La Suisse n’a pas participé à la course au vaccin contre le coronavirus. Mais le premier vaccin contre la maladie d’Alzheimer sera peut-être mis sur le marché par une entreprise helvétique, AC Immune. Sa directrice et co-fondatrice, Andrea Pfeifer, explique pourquoi elle s’est tournée vers la Bourse américaine pour trouver des investisseurs.

Fondée en 2003 avec six employés, AC Immune emploie actuellement 152 collaborateurs. Cette entreprise, basée sur le campus de l’École polytechnique fédérale de Lausanne (EPFL), est une des rares jeunes sociétés suisses cotées au Nasdaq.

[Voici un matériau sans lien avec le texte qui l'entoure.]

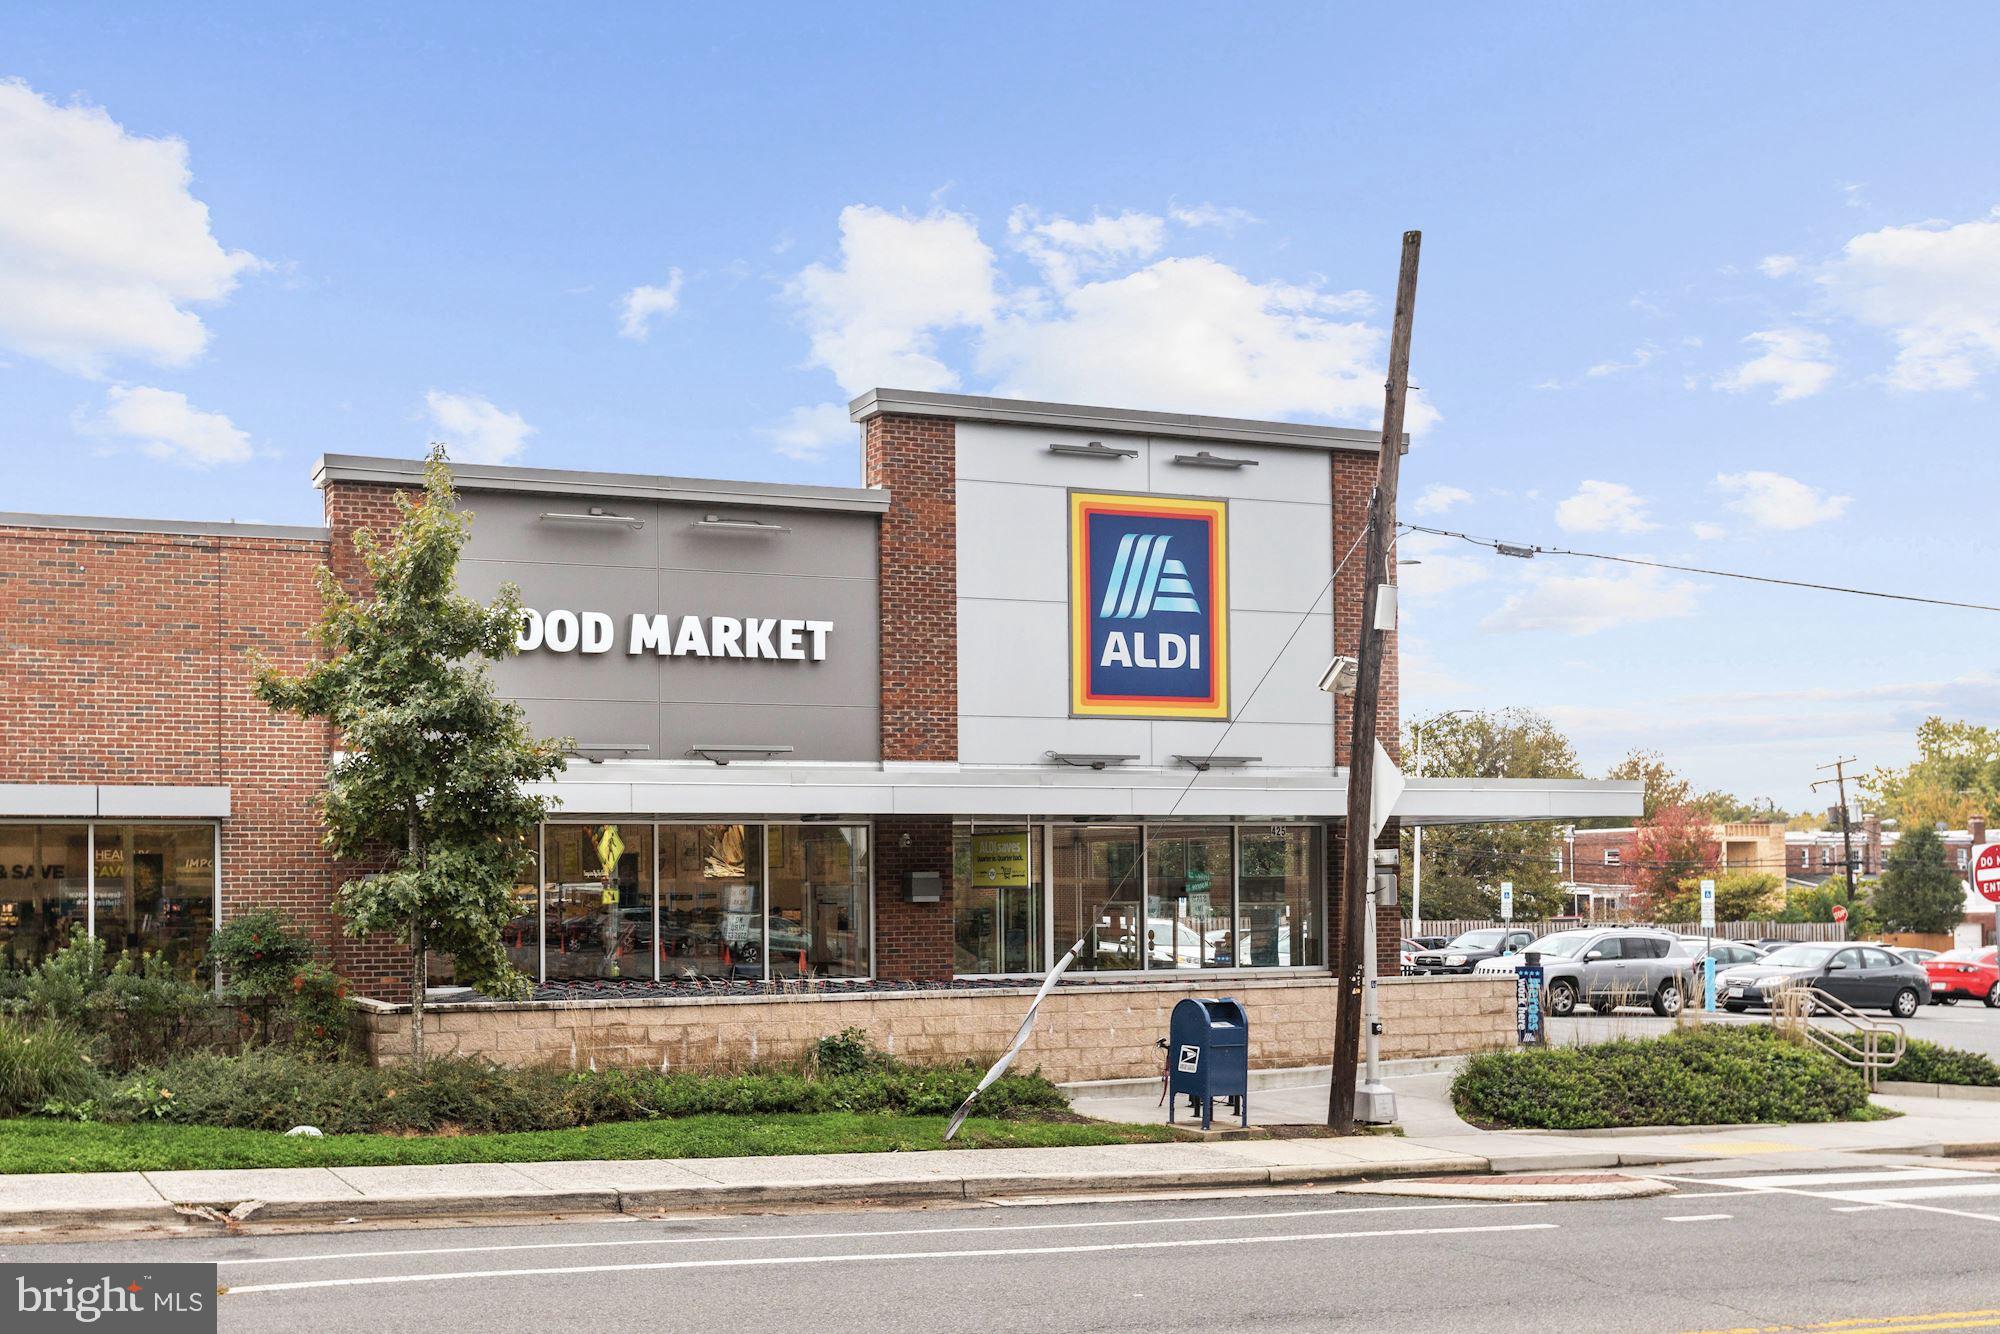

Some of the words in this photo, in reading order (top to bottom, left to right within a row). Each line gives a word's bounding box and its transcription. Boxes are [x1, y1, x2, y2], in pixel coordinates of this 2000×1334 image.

[507, 607, 614, 654] OOD
[630, 613, 834, 661] MARKET
[1100, 631, 1200, 670] ALDI
[1271, 825, 1286, 836] 425
[12, 864, 66, 879] SAVE
[1980, 856, 1993, 868] DO
[1518, 978, 1528, 1006] work
[1528, 977, 1541, 1031] Heroes
[1518, 1007, 1527, 1031] here
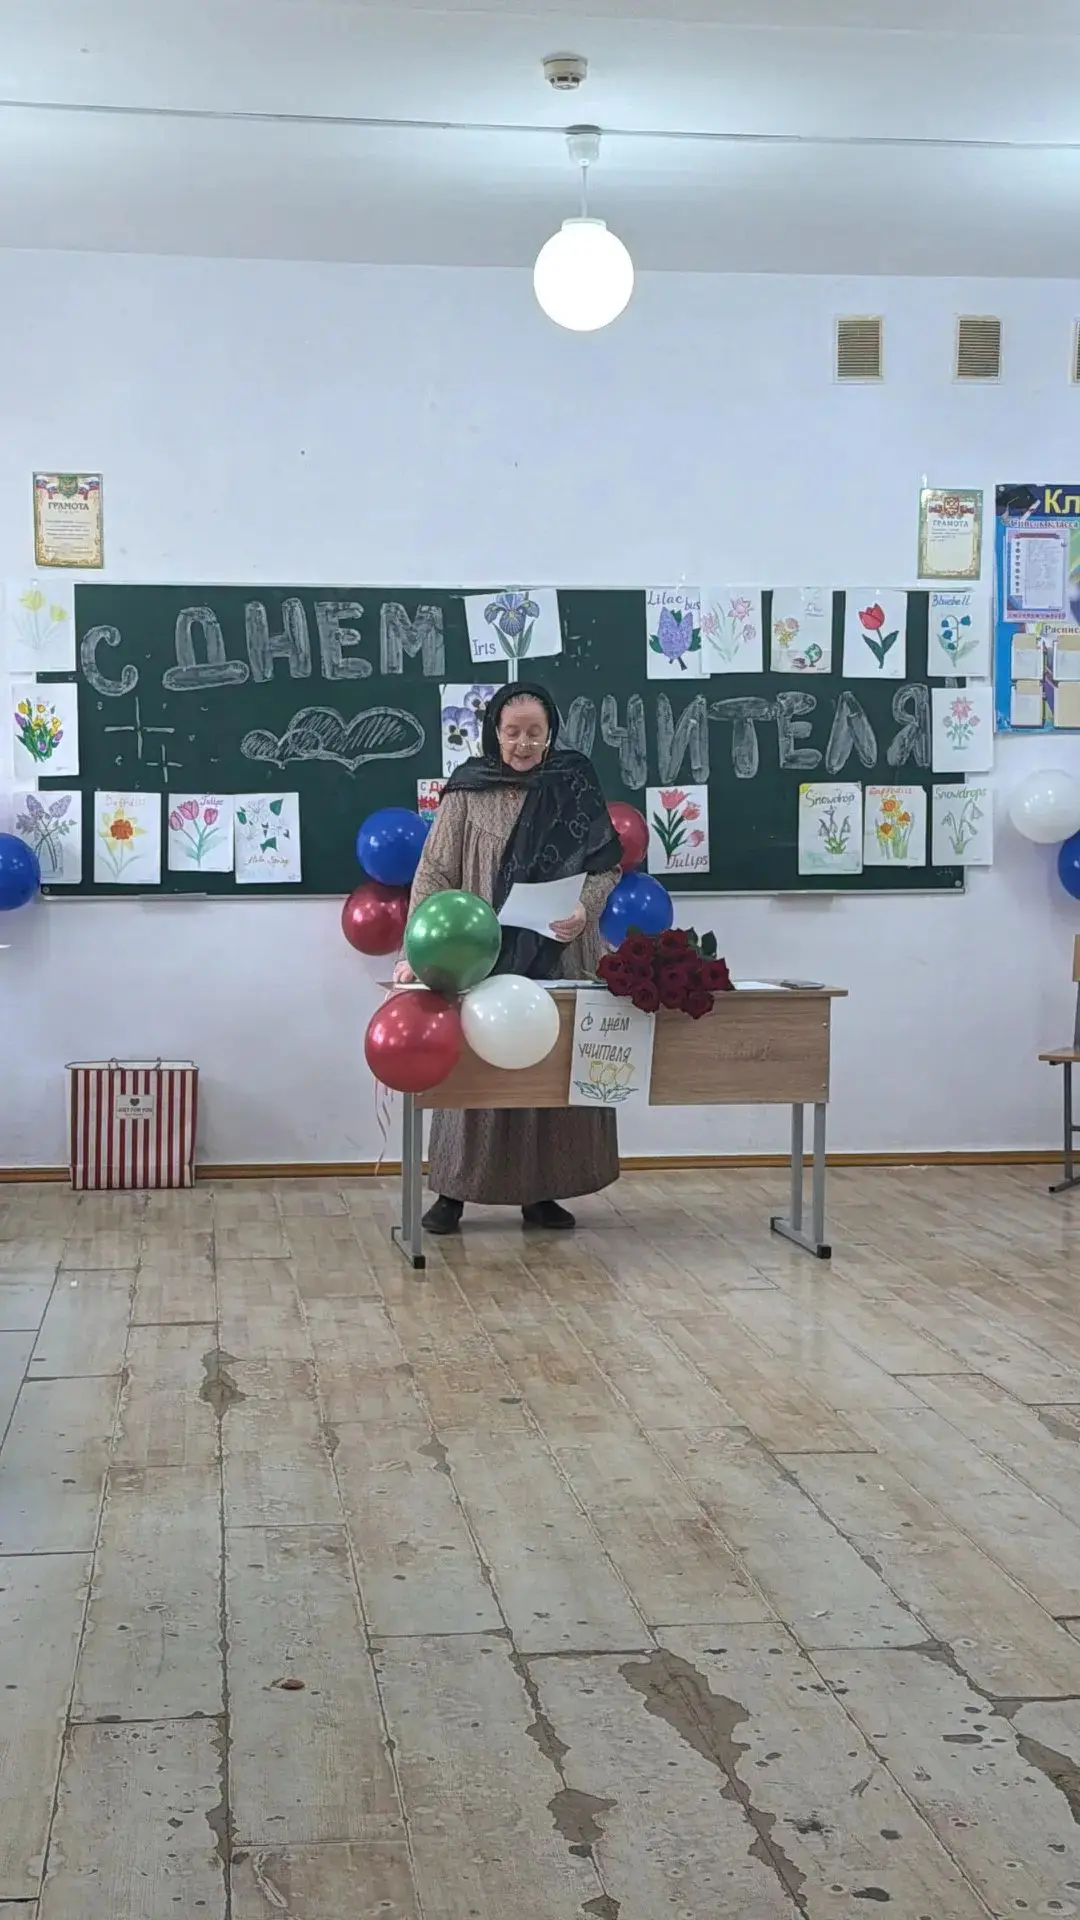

Les femmes restent encore largement sous-représentées dans les hautes sphères de l’économie. Les 20 sociétés cotées sur l’indice phare de la Bourse suisse, le SMI, ne comptent par exemple que 13% de cadres dans leurs directions. La Suisse fait figure de mauvais élève en comparaison internationale dans ce domaine. Tout au long de cette année, SWI swissinfo.ch a décidé de donner la parole à des dirigeantes d’entreprises helvétiques dont les activités se déploient dans le monde entier. Des représentantes de l’économie suisse qui abordent les défis les plus urgents touchant actuellement leurs activités, entre crise du coronavirus et place de la Suisse dans l’économie globalisée.

Malgré une chute d’environ 60% du cours d’AC Immune depuis son entrée en Bourse en 2016, Andrea Pfeifer reste très confiante quant au potentiel de son entreprise. Cette perte de valeur est en partie due à l’annonce – en janvier 2019 – de l’arrêt d’essais cliniques en phase 3 (la dernière phase avant l’autorisation de mise sur le marché) en relation avec un produit thérapeutique contre la maladie d’Alzheimer.

swissinfo.ch: Est-ce que Lausanne est un bon emplacement pour fonder et développer une entreprise biopharmaceutique?

Andrea Pfeifer: Absolument. Dès notre fondation, nous avons été sur le campus de l’École polytechnique fédérale de Lausanne (EPFL) car j’avais un excellent réseau dans cette région. En outre, Patrick Aebischer, alors nouveau président de l’EPFL, a facilité notre installation car il avait relevé le manque de start-up dans le domaine de la neuroscience.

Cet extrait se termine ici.